**WHAT NEEDS TO BE DONE**
Begin with the line containing "Some of the words" and copy every line after it to the end of the entries, exactly, leaving out the lines before it.

**LISTED ENTRIES**
Segment Open
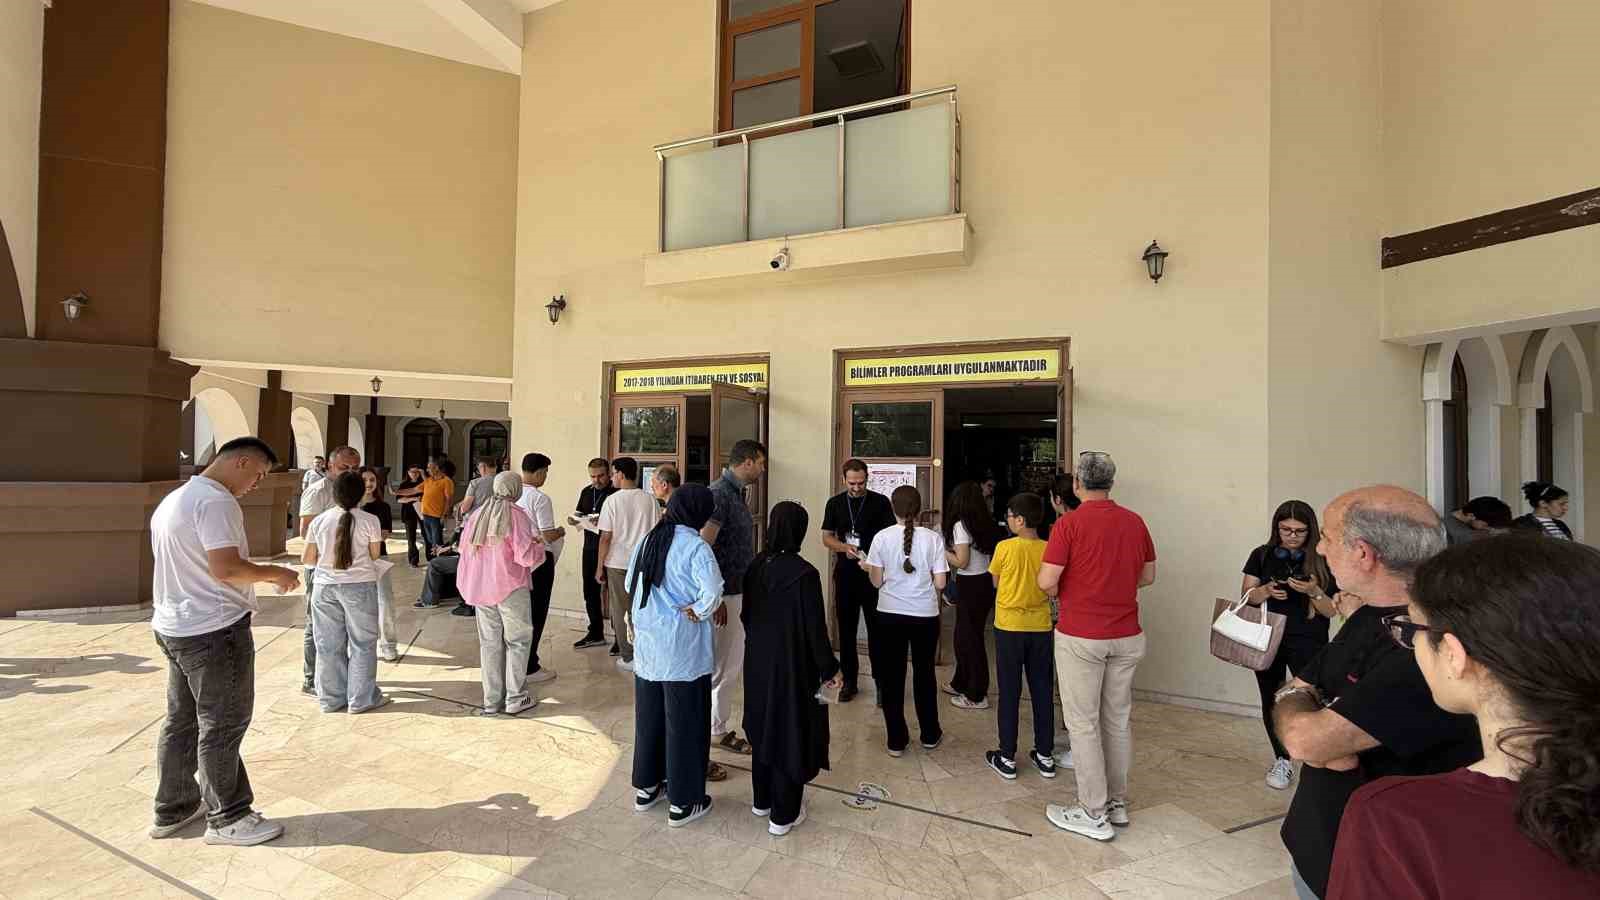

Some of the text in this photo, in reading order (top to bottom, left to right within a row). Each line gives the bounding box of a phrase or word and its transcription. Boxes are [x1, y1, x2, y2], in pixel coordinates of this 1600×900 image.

[851, 359, 1047, 378] BİLİMLER PROGRAMLARI UYGULANMAKTADIR
[623, 376, 655, 388] 2017-2018
[655, 375, 685, 386] YILINDAN
[729, 373, 738, 384] VE
[738, 371, 764, 384] SOSYAL
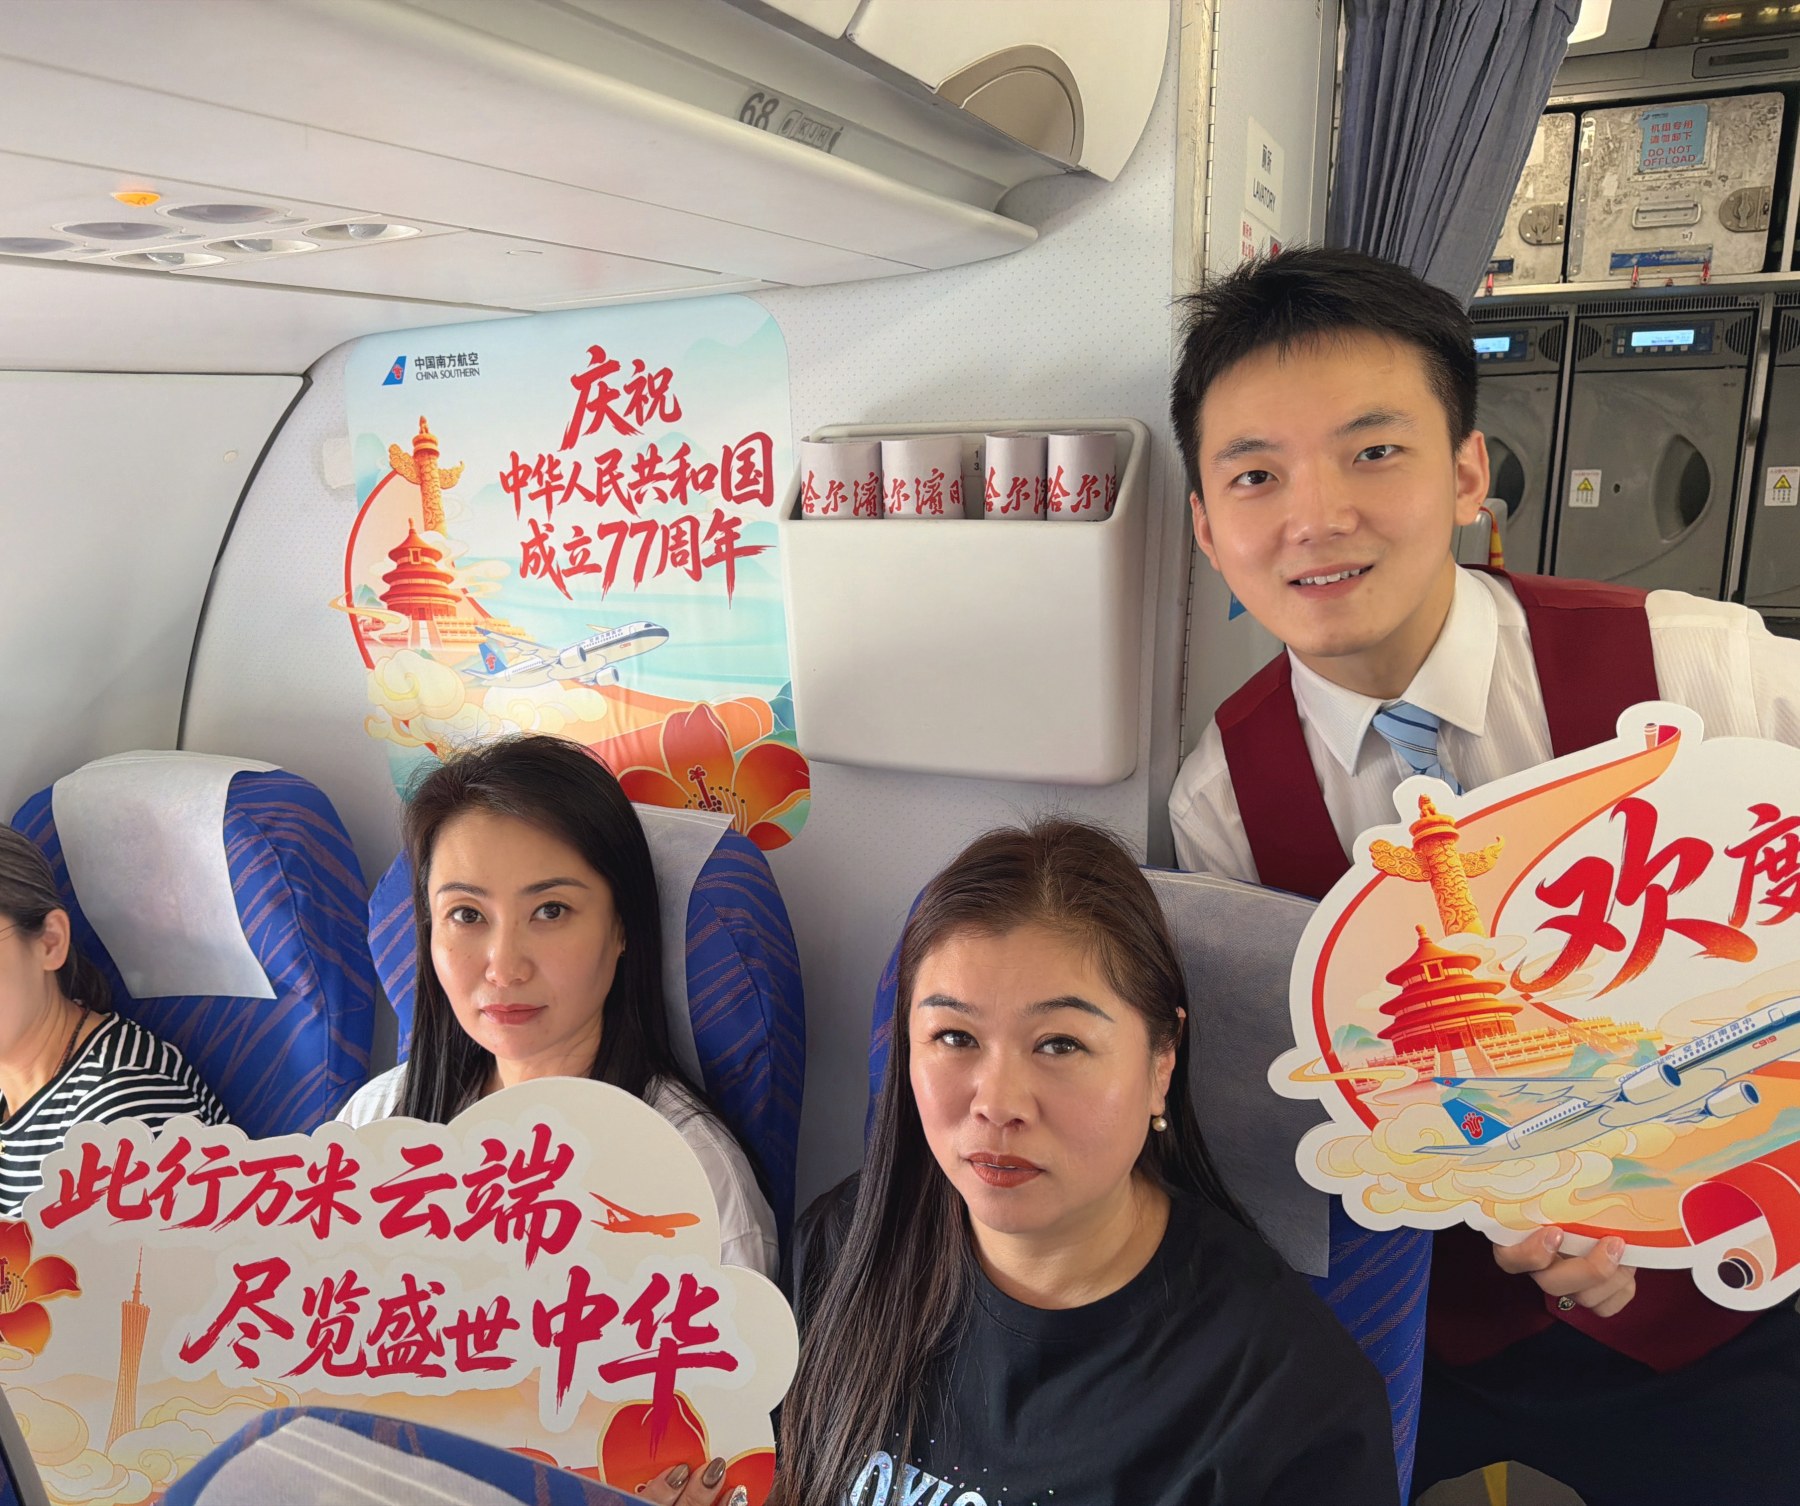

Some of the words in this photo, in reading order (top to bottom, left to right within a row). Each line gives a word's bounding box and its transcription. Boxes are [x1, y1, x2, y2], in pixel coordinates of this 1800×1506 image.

[739, 91, 780, 131] 68
[1643, 154, 1697, 167] OFFLOAD
[1648, 147, 1664, 157] DO
[1668, 145, 1692, 154] NOT
[414, 352, 479, 370] 中国南方航空
[415, 371, 438, 381] CHINA
[439, 368, 480, 379] SOUTHERN
[561, 345, 682, 452] 庆祝
[500, 431, 774, 521] 中华人民共和国
[519, 508, 777, 609] 成立77周年
[1511, 796, 1800, 1002] 欢度
[1752, 1035, 1777, 1050] C919
[40, 1122, 583, 1270] 此行万米云端
[178, 1264, 739, 1462] 尽览盛世中华
Segment Closed
**ANSWER BOX**
Some of the words in this photo, in reading order (top to bottom, left to right within a row). Each line gives a word's bounding box and its transcription. Boxes are [x1, y1, x2, y2], in pixel coordinates of this 1800×1506 image.

[739, 91, 780, 131] 68
[1643, 154, 1697, 167] OFFLOAD
[1648, 147, 1664, 157] DO
[1668, 145, 1692, 154] NOT
[414, 352, 479, 370] 中国南方航空
[415, 371, 438, 381] CHINA
[439, 368, 480, 379] SOUTHERN
[561, 345, 682, 452] 庆祝
[500, 431, 774, 521] 中华人民共和国
[519, 508, 777, 609] 成立77周年
[1511, 796, 1800, 1002] 欢度
[1752, 1035, 1777, 1050] C919
[40, 1122, 583, 1270] 此行万米云端
[178, 1264, 739, 1462] 尽览盛世中华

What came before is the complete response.